Since he thought that jews were responsible of the mediocrity of the art of his day and that the art was too mediocre ( i can't remember exactly what he thought) This raises the question what would be Wagners opinion about modern mainstream music (artist like Justin Bieber, Lady Gaga, Rihanna etc...)

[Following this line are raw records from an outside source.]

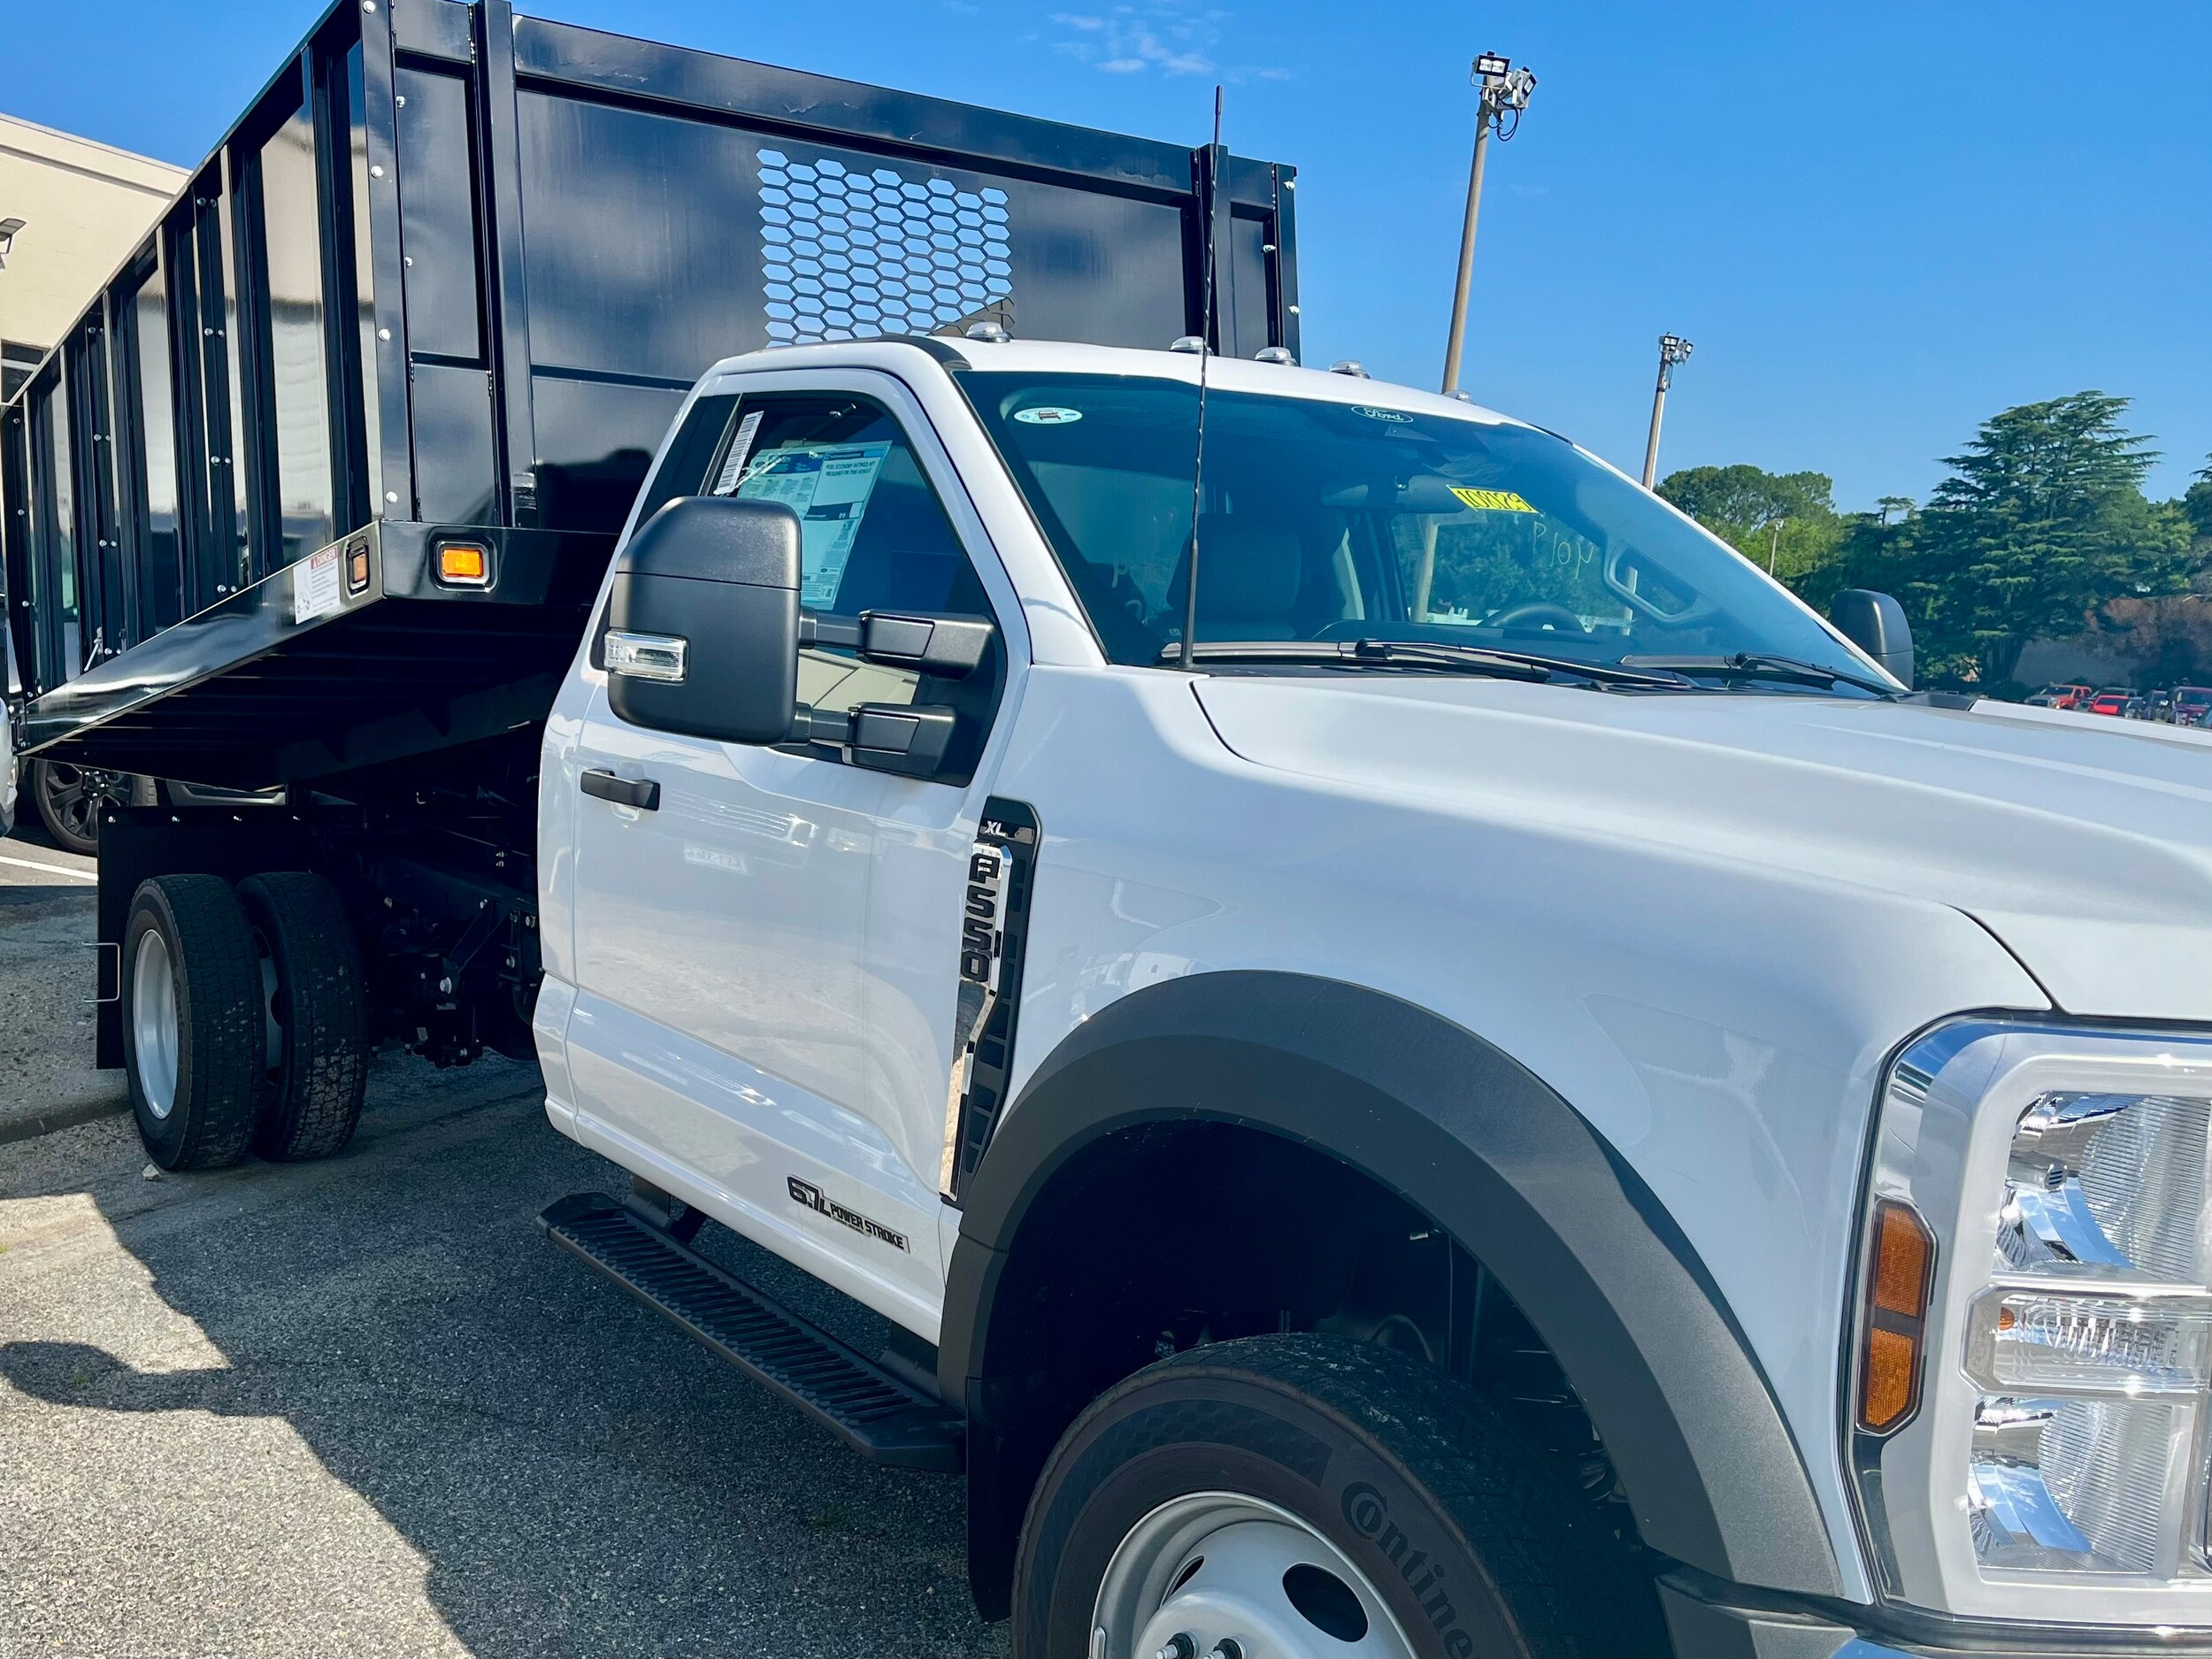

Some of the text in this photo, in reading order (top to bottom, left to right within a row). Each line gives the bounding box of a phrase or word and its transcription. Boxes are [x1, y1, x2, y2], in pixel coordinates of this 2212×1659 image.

[1363, 407, 1404, 421] Ford
[317, 549, 336, 566] DANGER
[985, 820, 1007, 837] XL
[830, 1202, 864, 1230] POWER
[864, 1220, 904, 1249] STROKE

I think that he would love them, he would praise them as much as he praised Bach etc...

Thoughts?


----------



## Couchie (Dec 9, 2010)

If Wagner lived today he would be Žižek, little to no attention from mainstream society, either eyebrow-raising/eye-rolling, or beloved by those who know him. Intriguingly, Žižek is a huge Wagnerian.


----------



## ComposerOfAvantGarde (Dec 2, 2011)

If Wagner lived today he would be desperately trying to beat Stocky's _Licht_ without a thought on popular culture.


----------



## jani (Jun 15, 2012)

arrrggghhh! Your reactions are too calm and rational! 
One of the reasons why i made this thread is that i wanted to see couchies reaction.


----------



## emiellucifuge (May 26, 2009)

jani said:


> arrrggghhh! Your reactions are too calm and rational!
> One of the reasons why i made this thread is that i wanted to see couchies reaction.


Im guessing then that his answer went a little over your head.


----------



## jani (Jun 15, 2012)

emiellucifuge said:


> Im guessing then that his answer went a little over your head.

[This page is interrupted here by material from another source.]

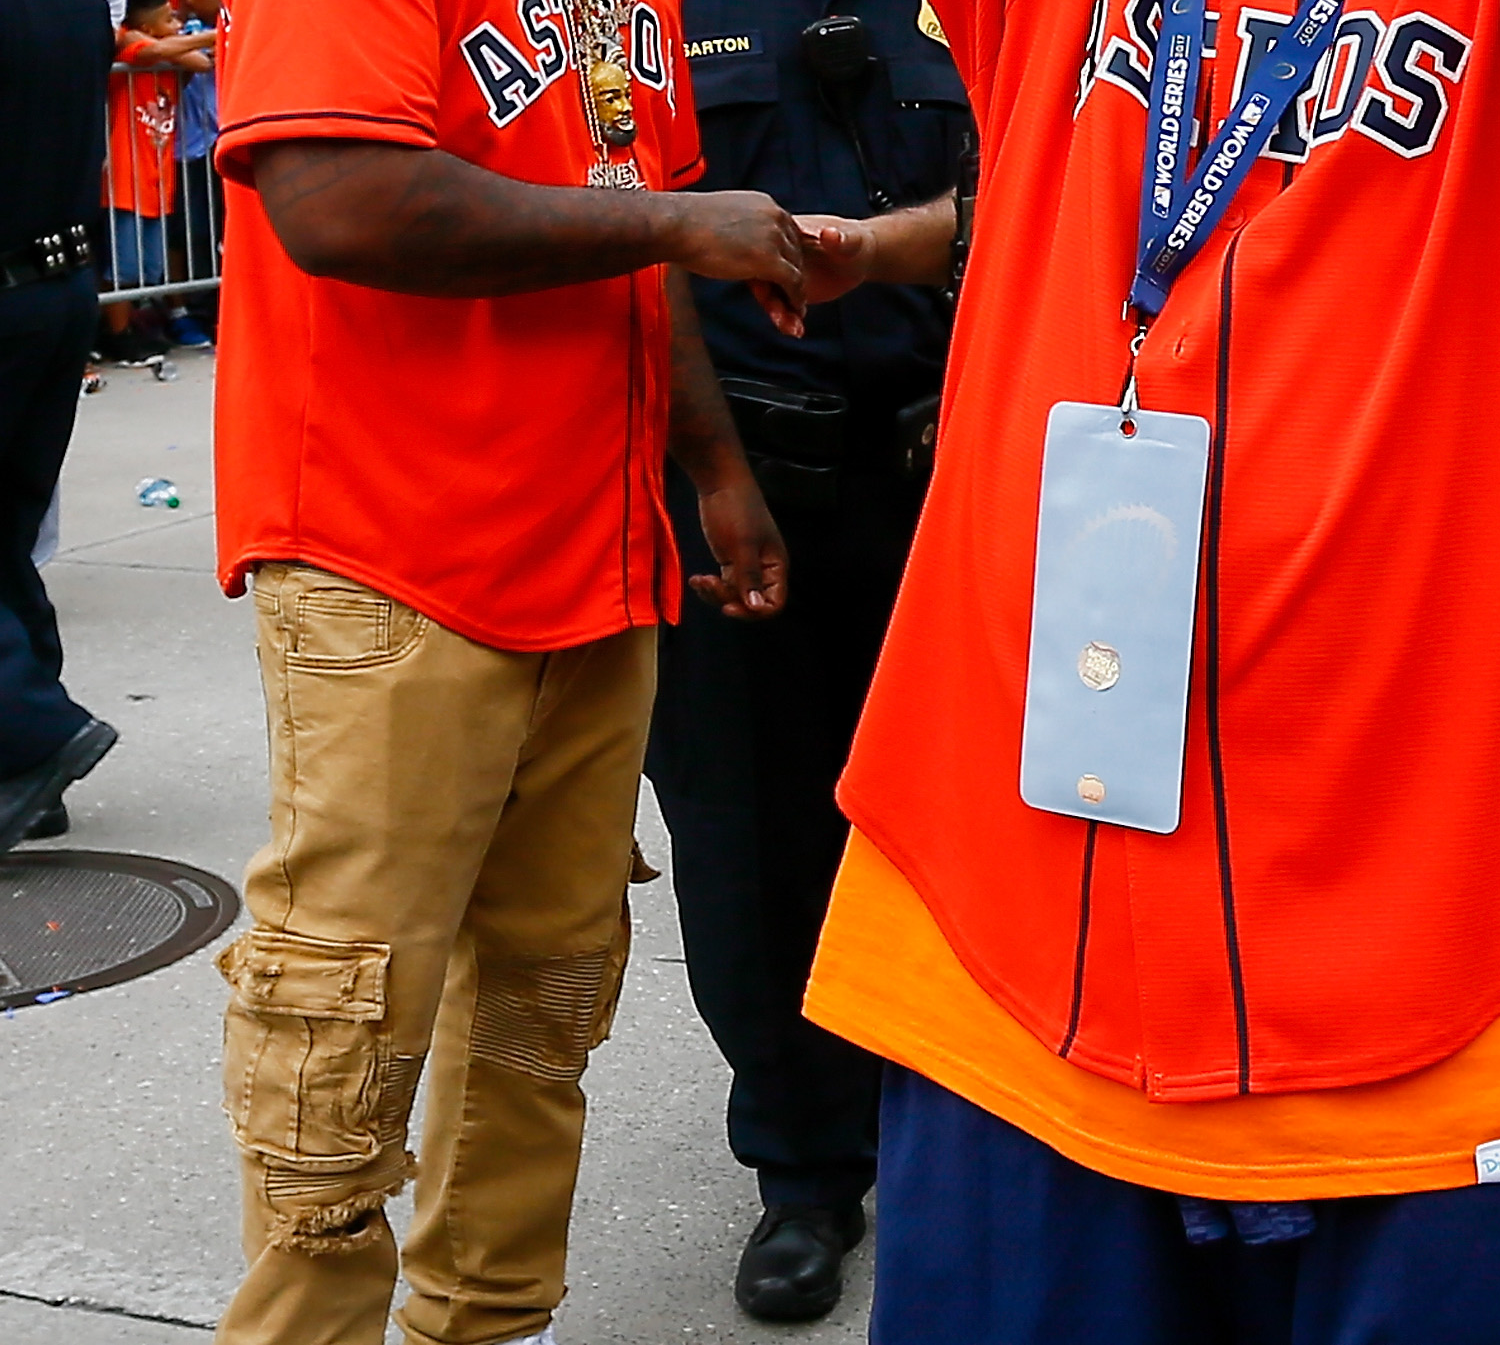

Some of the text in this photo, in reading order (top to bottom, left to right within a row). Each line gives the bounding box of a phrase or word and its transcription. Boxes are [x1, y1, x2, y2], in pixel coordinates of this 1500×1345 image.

[1154, 34, 1189, 186] WORLD SERIES 2017
[1203, 122, 1255, 193] WORLD
[1167, 188, 1215, 251] SERIES

Yes, he saw trough my evil plan.


----------



## Crudblud (Dec 29, 2011)

He wouldn't have time to think because he'd be working diligently in my room transcribing all my music for performance.


----------



## crmoorhead (Apr 6, 2011)

Couchie said:


> If Wagner lived today he would be Žižek, little to no attention from mainstream society, either eyebrow-raising/eye-rolling, or beloved by those who know him. Intriguingly, Žižek is a huge Wagnerian.


I think that Wagner's ego would be too huge (and his ideas too grand) to live life in obscurity. I wondered who Žižek was until I found out he wasn't a composer! Seems an interesting guy with Wagner-like revolutionary ideas. 

I certainly don't think that he would approve of mainstream pop as it is today. I don't know what he might approve of really, though he would probably approve of Stockhausen's tendency outside the box (or not even near the box). He'd probably be Philip Glass. Think of that what you will, but they both know how to self-publicise.


----------



## ScipioAfricanus (Jan 7, 2010)

Wagner would be repulsed by music today.


----------



## Krisena (Jul 21, 2012)

Music today is at the least delivered in the form of some sort of gesamtkunstwerk, a package.


----------



## Turangalîla (Jan 29, 2012)

Krisena said:


> Music today is at the least delivered in the form of some sort of gesamtkunstwerk, a package.


Very true, even if Gaga's Gesamtkunstwerk _is_ repulsive... :guitar:


----------



## neoshredder (Nov 7, 2011)

ScipioAfricanus said:


> Wagner would be repulsed by music today.


I doubt it. He would adapt. Probably be a big Ligeti fan like CoAG.


----------



## Couchie (Dec 9, 2010)

Is Gesamkuntzwerk not the spiritual father of MTV?


----------